(Data extracts)
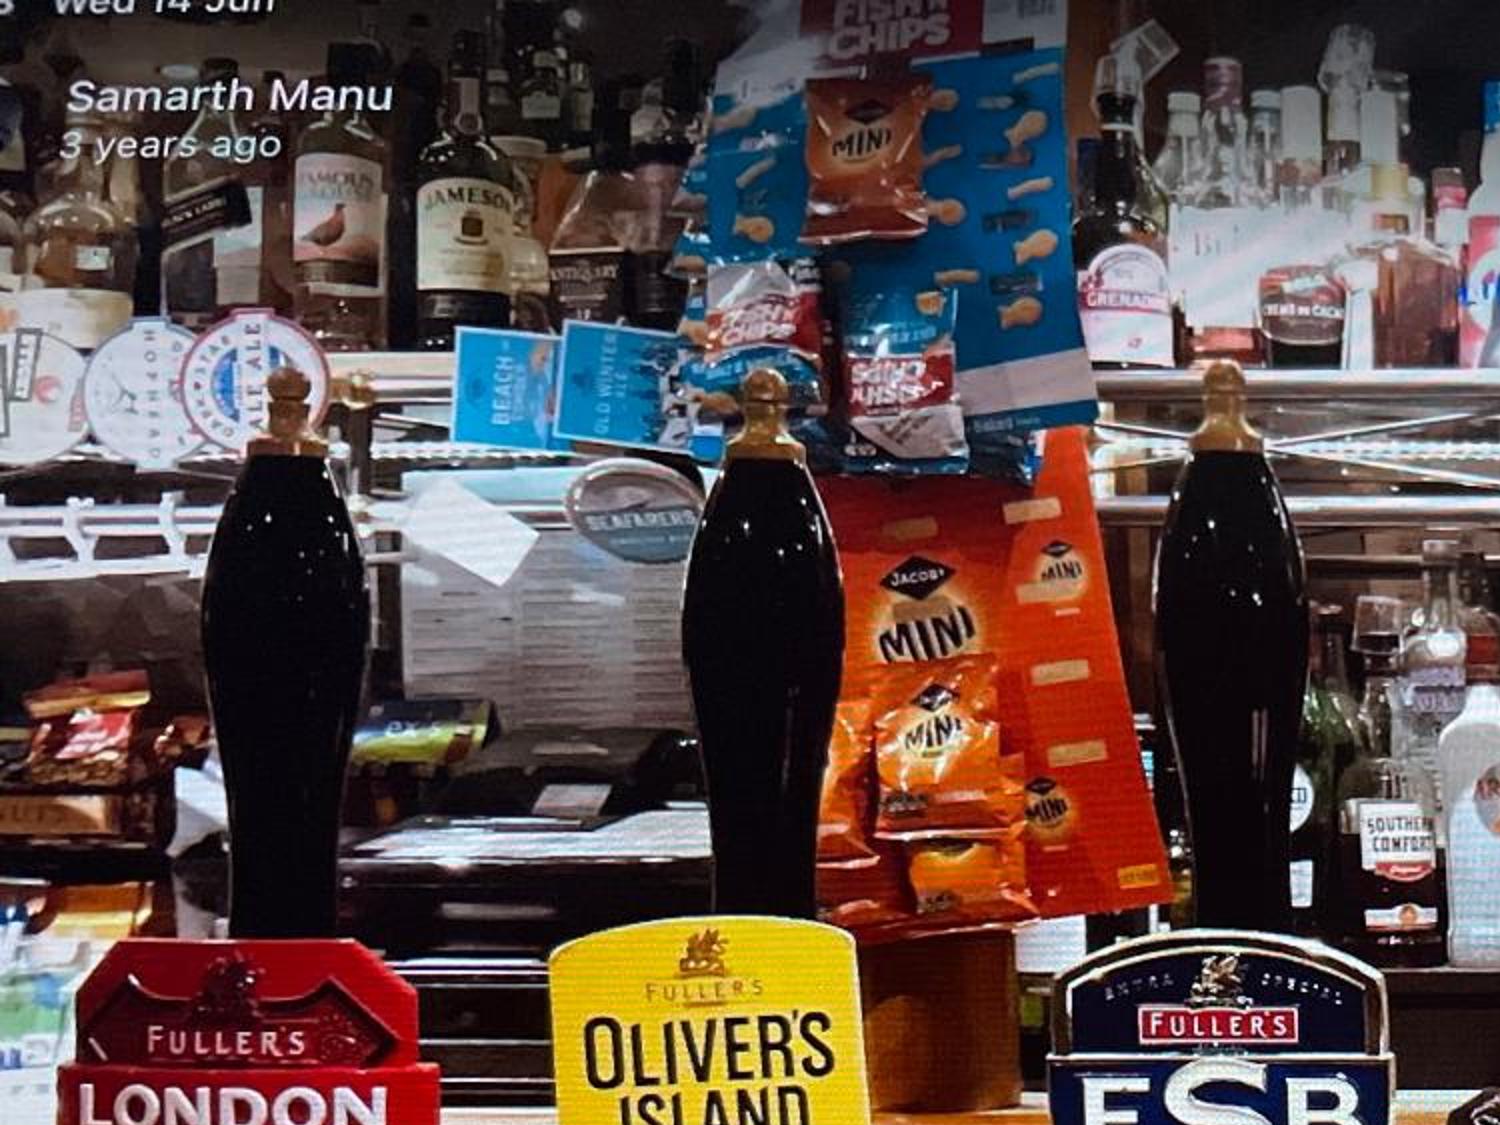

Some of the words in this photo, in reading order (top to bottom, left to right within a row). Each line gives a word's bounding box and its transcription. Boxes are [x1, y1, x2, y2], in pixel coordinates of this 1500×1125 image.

[827, 13, 950, 58] CHIPS
[832, 127, 892, 157] MINI
[491, 356, 514, 426] BEACH
[878, 605, 977, 664] MINI
[905, 714, 964, 750] MINI
[1372, 835, 1435, 855] COMFORT
[1150, 1011, 1288, 1039] FULLER'S
[583, 1010, 836, 1091] OLIVER'S

(What is required)
The output must be every line of the records, printed exactly, with the pictures omitted.

(Output)
Some of the words in this photo, in reading order (top to bottom, left to right within a row). Each line gives a word's bounding box and its transcription. Boxes are [x1, y1, x2, y2], in pixel coordinates of this 1500×1125 image.

[827, 13, 950, 58] CHIPS
[832, 127, 892, 157] MINI
[491, 356, 514, 426] BEACH
[878, 605, 977, 664] MINI
[905, 714, 964, 750] MINI
[1372, 835, 1435, 855] COMFORT
[1150, 1011, 1288, 1039] FULLER'S
[583, 1010, 836, 1091] OLIVER'S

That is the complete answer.